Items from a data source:

☆ ☆ ☆ ☆ ☆ ☆ ☆

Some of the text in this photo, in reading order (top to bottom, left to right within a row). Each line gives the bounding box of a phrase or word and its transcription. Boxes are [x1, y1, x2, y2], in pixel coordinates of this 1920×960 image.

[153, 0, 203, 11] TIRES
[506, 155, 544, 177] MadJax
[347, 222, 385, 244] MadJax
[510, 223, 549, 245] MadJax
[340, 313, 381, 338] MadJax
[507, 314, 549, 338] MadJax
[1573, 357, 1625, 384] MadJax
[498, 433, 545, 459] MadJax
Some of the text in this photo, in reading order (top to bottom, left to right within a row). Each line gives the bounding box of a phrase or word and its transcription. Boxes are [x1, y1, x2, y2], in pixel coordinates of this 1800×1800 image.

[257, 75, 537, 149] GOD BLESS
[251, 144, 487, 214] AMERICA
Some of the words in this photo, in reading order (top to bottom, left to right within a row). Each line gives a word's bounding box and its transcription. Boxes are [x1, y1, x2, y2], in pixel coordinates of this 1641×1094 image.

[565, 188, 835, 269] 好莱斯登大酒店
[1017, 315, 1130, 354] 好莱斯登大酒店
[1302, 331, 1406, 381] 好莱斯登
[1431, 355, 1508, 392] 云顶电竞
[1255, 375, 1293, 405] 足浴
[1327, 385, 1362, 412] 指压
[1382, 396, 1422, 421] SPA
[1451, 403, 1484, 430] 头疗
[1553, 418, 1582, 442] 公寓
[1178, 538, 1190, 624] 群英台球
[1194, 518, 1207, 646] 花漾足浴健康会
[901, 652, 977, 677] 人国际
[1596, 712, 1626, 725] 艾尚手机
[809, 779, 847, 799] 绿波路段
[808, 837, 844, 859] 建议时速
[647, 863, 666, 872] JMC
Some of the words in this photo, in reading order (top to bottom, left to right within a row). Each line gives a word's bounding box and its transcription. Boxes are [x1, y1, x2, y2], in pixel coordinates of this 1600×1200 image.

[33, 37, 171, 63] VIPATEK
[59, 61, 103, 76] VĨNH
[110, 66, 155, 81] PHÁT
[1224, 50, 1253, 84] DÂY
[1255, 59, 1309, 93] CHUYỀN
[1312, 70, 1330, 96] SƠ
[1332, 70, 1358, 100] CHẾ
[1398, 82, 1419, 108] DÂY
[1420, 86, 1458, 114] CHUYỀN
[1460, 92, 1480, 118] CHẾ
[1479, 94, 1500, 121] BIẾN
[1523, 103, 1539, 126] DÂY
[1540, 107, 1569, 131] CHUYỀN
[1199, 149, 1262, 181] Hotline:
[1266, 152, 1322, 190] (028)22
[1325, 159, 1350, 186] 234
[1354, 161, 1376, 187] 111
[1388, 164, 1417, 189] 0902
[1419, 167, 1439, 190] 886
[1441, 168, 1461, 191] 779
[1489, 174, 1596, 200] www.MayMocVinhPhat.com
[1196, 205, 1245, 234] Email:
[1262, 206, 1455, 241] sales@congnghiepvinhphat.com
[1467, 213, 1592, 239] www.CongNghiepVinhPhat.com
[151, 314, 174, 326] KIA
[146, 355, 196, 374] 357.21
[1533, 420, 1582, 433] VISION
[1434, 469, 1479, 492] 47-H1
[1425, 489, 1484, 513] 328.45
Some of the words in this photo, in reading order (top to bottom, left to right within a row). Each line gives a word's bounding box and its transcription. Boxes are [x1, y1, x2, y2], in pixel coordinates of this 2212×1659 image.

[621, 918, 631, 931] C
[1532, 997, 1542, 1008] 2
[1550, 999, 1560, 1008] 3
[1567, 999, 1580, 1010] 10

☆ ☆ ☆ ☆ ☆ ☆ ☆

TO DO
Each record should be repeated in full, exactly as it is written.

EXERCISE RESPONSE
Some of the text in this photo, in reading order (top to bottom, left to right within a row). Each line gives the bounding box of a phrase or word and its transcription. Boxes are [x1, y1, x2, y2], in pixel coordinates of this 1920×960 image.

[153, 0, 203, 11] TIRES
[506, 155, 544, 177] MadJax
[347, 222, 385, 244] MadJax
[510, 223, 549, 245] MadJax
[340, 313, 381, 338] MadJax
[507, 314, 549, 338] MadJax
[1573, 357, 1625, 384] MadJax
[498, 433, 545, 459] MadJax
Some of the text in this photo, in reading order (top to bottom, left to right within a row). Each line gives the bounding box of a phrase or word and its transcription. Boxes are [x1, y1, x2, y2], in pixel coordinates of this 1800×1800 image.

[257, 75, 537, 149] GOD BLESS
[251, 144, 487, 214] AMERICA
Some of the words in this photo, in reading order (top to bottom, left to right within a row). Each line gives a word's bounding box and its transcription. Boxes are [x1, y1, x2, y2], in pixel coordinates of this 1641×1094 image.

[565, 188, 835, 269] 好莱斯登大酒店
[1017, 315, 1130, 354] 好莱斯登大酒店
[1302, 331, 1406, 381] 好莱斯登
[1431, 355, 1508, 392] 云顶电竞
[1255, 375, 1293, 405] 足浴
[1327, 385, 1362, 412] 指压
[1382, 396, 1422, 421] SPA
[1451, 403, 1484, 430] 头疗
[1553, 418, 1582, 442] 公寓
[1178, 538, 1190, 624] 群英台球
[1194, 518, 1207, 646] 花漾足浴健康会
[901, 652, 977, 677] 人国际
[1596, 712, 1626, 725] 艾尚手机
[809, 779, 847, 799] 绿波路段
[808, 837, 844, 859] 建议时速
[647, 863, 666, 872] JMC
Some of the words in this photo, in reading order (top to bottom, left to right within a row). Each line gives a word's bounding box and its transcription. Boxes are [x1, y1, x2, y2], in pixel coordinates of this 1600×1200 image.

[33, 37, 171, 63] VIPATEK
[59, 61, 103, 76] VĨNH
[110, 66, 155, 81] PHÁT
[1224, 50, 1253, 84] DÂY
[1255, 59, 1309, 93] CHUYỀN
[1312, 70, 1330, 96] SƠ
[1332, 70, 1358, 100] CHẾ
[1398, 82, 1419, 108] DÂY
[1420, 86, 1458, 114] CHUYỀN
[1460, 92, 1480, 118] CHẾ
[1479, 94, 1500, 121] BIẾN
[1523, 103, 1539, 126] DÂY
[1540, 107, 1569, 131] CHUYỀN
[1199, 149, 1262, 181] Hotline:
[1266, 152, 1322, 190] (028)22
[1325, 159, 1350, 186] 234
[1354, 161, 1376, 187] 111
[1388, 164, 1417, 189] 0902
[1419, 167, 1439, 190] 886
[1441, 168, 1461, 191] 779
[1489, 174, 1596, 200] www.MayMocVinhPhat.com
[1196, 205, 1245, 234] Email:
[1262, 206, 1455, 241] sales@congnghiepvinhphat.com
[1467, 213, 1592, 239] www.CongNghiepVinhPhat.com
[151, 314, 174, 326] KIA
[146, 355, 196, 374] 357.21
[1533, 420, 1582, 433] VISION
[1434, 469, 1479, 492] 47-H1
[1425, 489, 1484, 513] 328.45
Some of the words in this photo, in reading order (top to bottom, left to right within a row). Each line gives a word's bounding box and its transcription. Boxes are [x1, y1, x2, y2], in pixel coordinates of this 2212×1659 image.

[621, 918, 631, 931] C
[1532, 997, 1542, 1008] 2
[1550, 999, 1560, 1008] 3
[1567, 999, 1580, 1010] 10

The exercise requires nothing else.